▶ [Provided material]
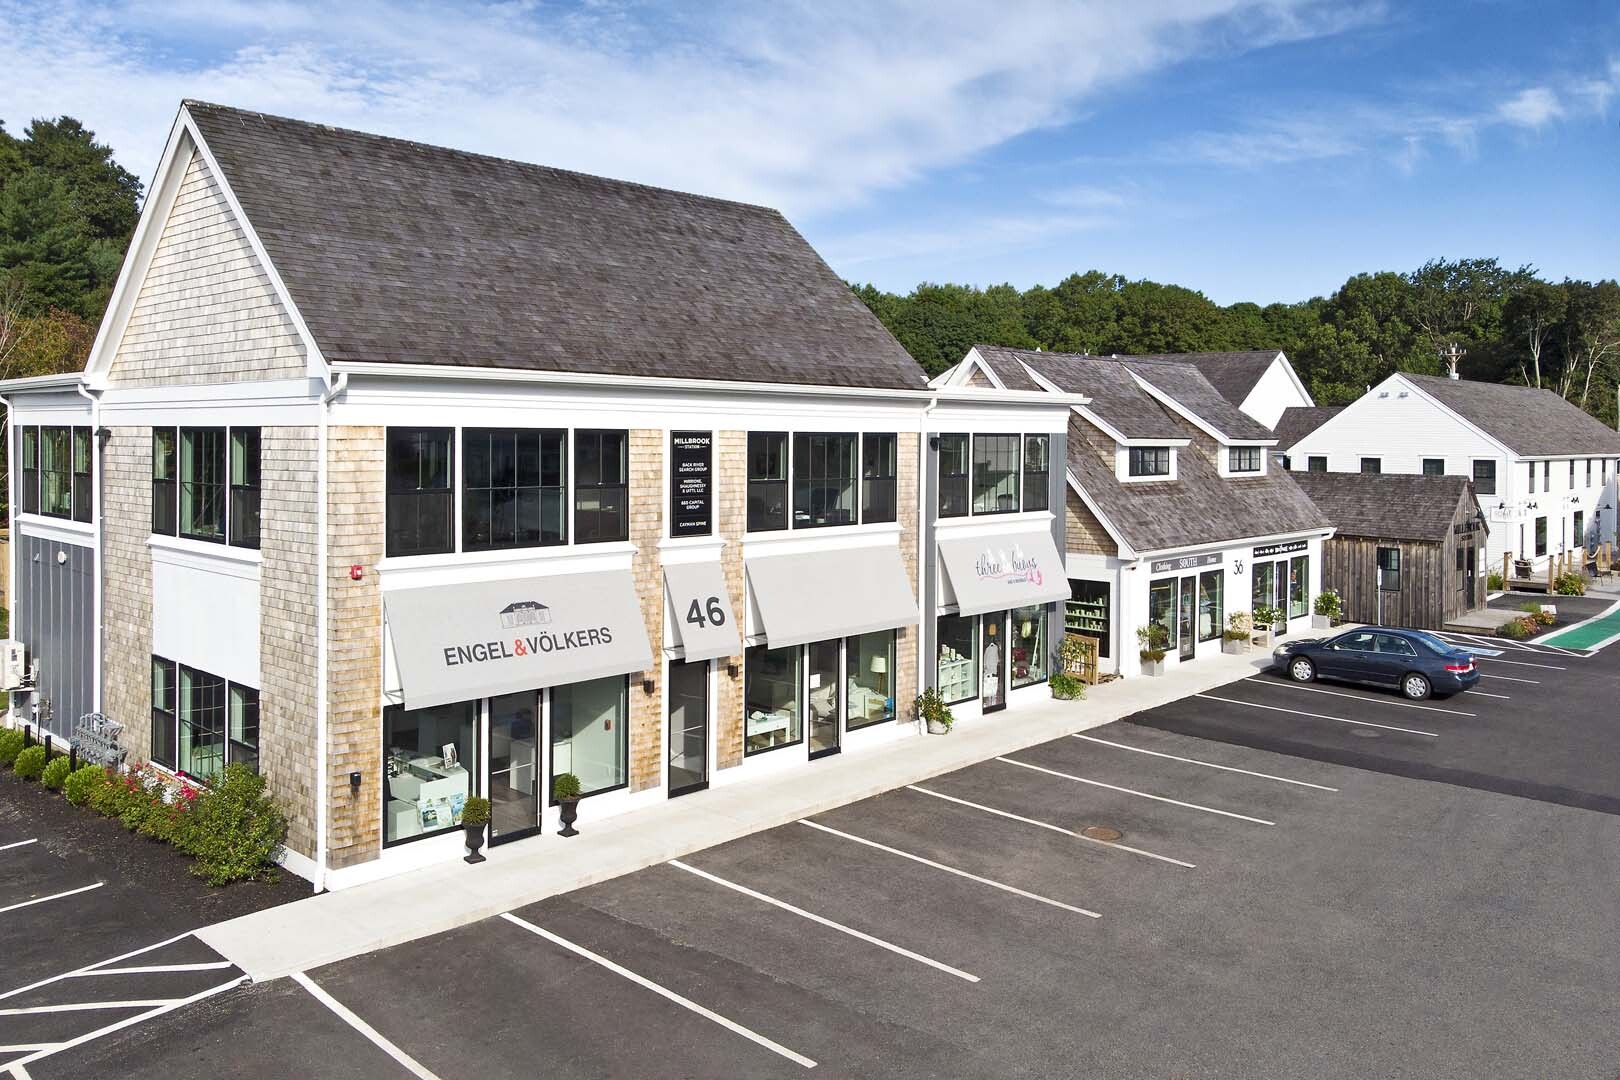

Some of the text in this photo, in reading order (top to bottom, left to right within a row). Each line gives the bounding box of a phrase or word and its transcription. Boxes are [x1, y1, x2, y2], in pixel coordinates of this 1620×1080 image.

[976, 553, 1001, 576] three
[1179, 557, 1197, 568] SOUTH
[1233, 559, 1243, 575] 36
[686, 596, 725, 628] 46
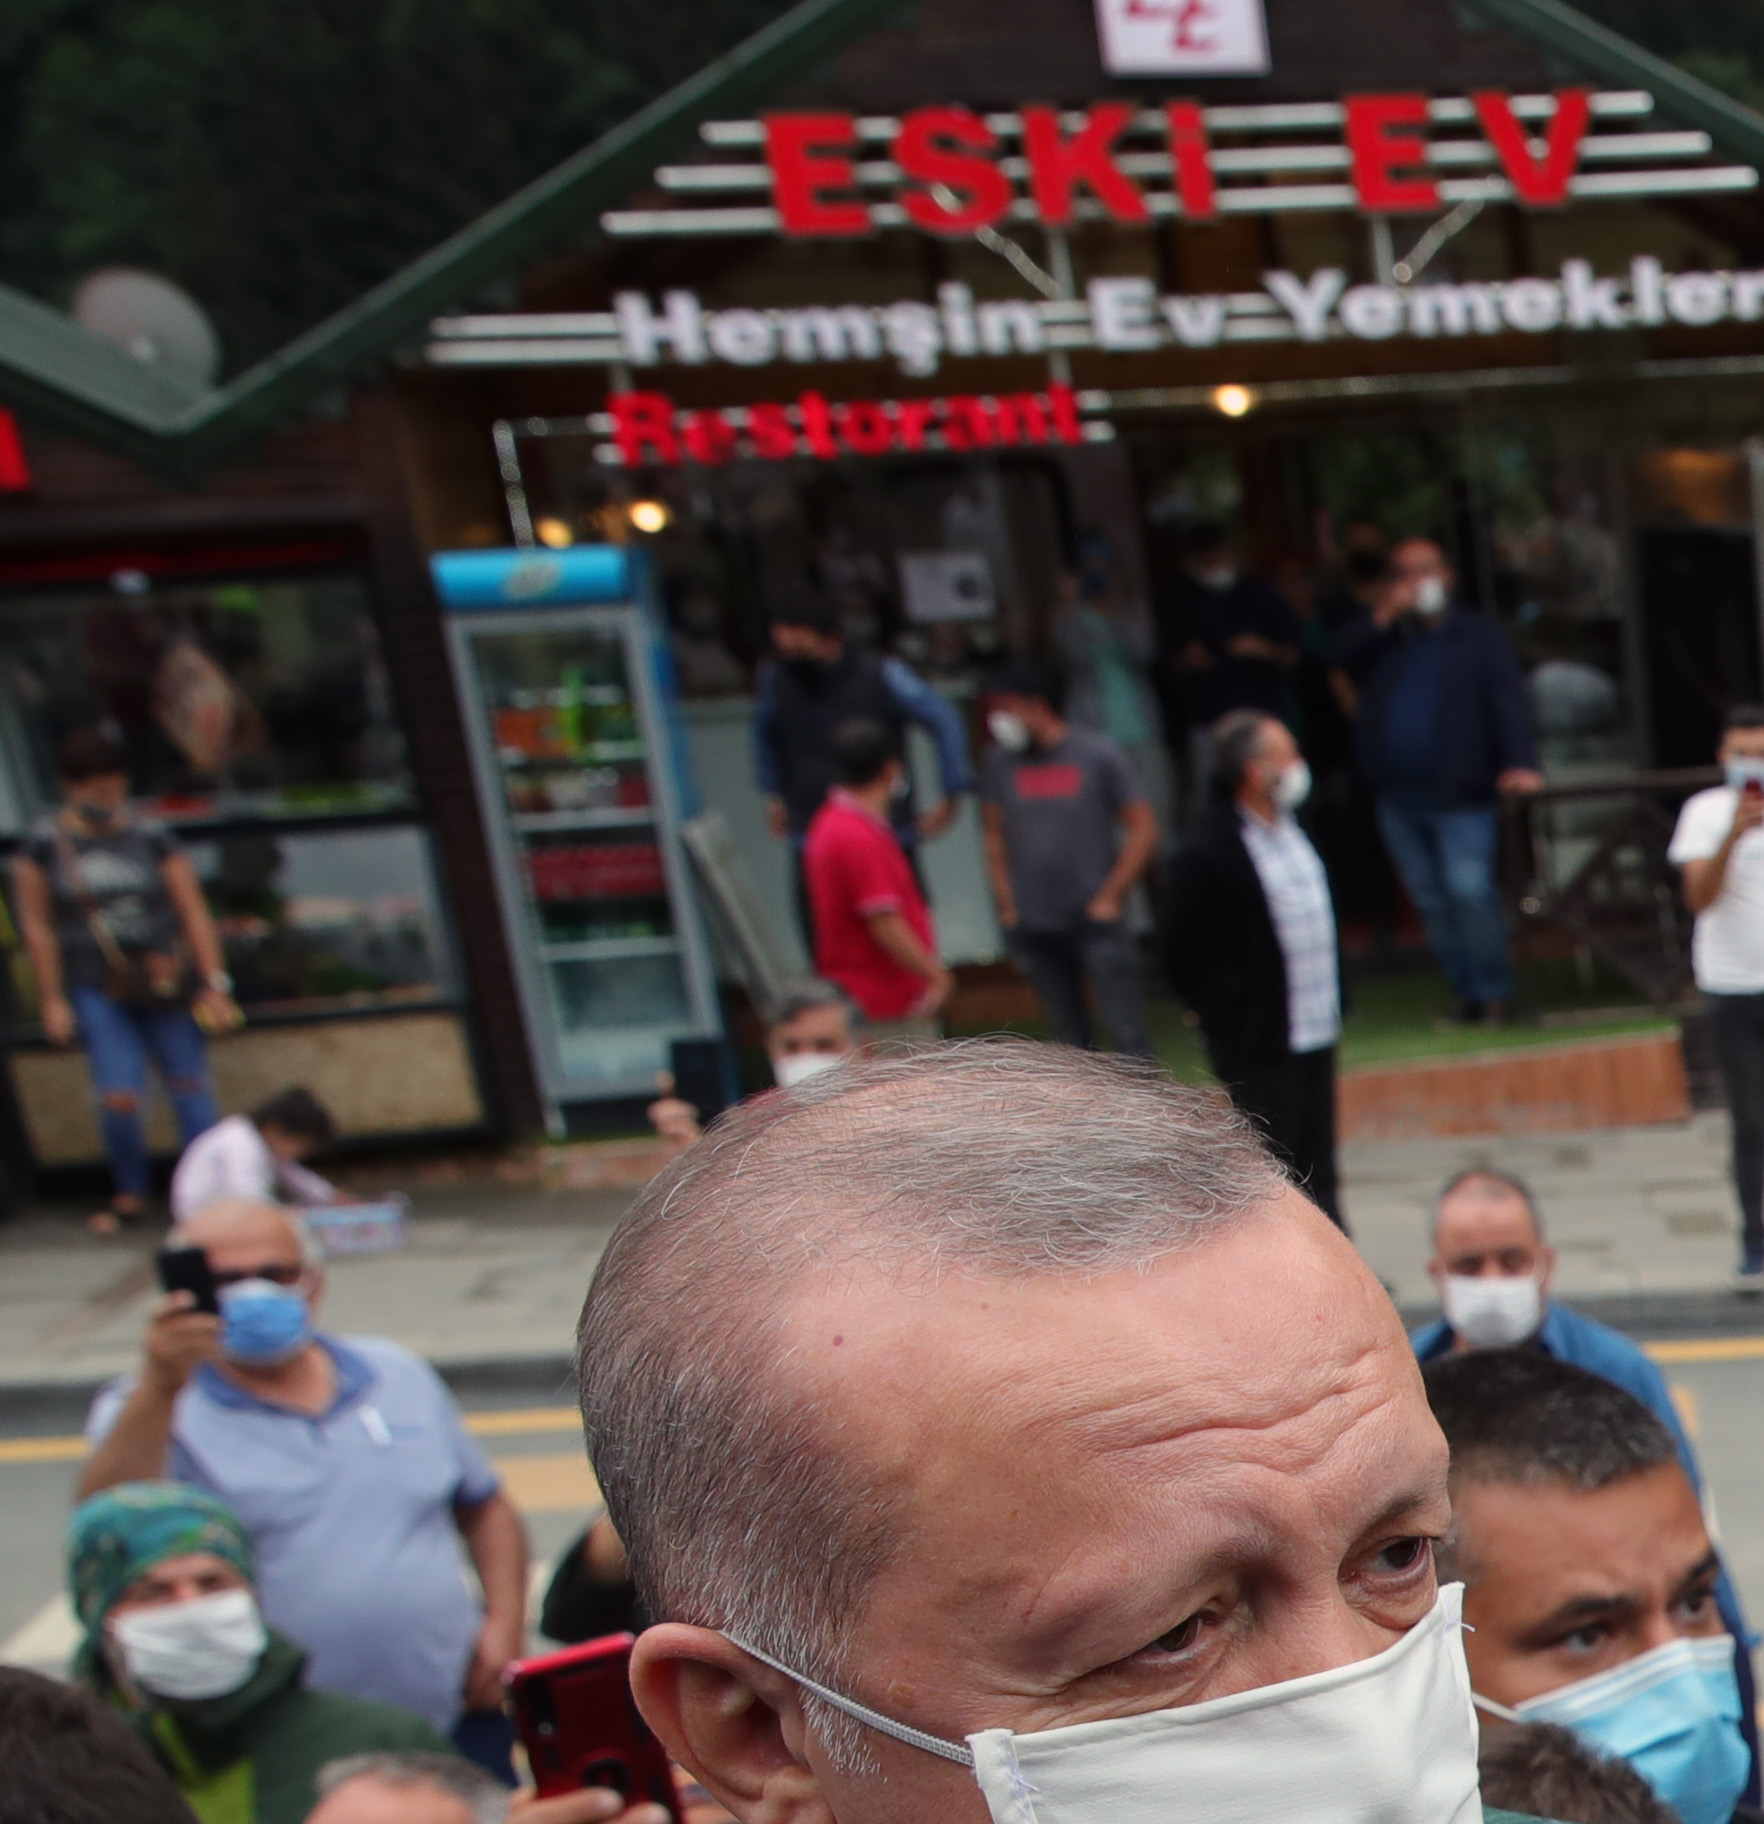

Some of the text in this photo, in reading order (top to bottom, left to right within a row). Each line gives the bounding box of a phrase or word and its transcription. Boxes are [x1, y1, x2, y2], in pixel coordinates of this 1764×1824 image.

[1342, 88, 1592, 212] EV
[612, 284, 1044, 376] Hemşin
[1087, 276, 1228, 350] Ev

▶ [To do] Reproduce, word for word, the lines of the data from the one that contains "this 1764×1824 image." to the end, both ends included.

▶ [Solved exercise]
Some of the text in this photo, in reading order (top to bottom, left to right within a row). Each line gives the bounding box of a phrase or word and its transcription. Boxes are [x1, y1, x2, y2], in pixel coordinates of this 1764×1824 image.

[1342, 88, 1592, 212] EV
[612, 284, 1044, 376] Hemşin
[1087, 276, 1228, 350] Ev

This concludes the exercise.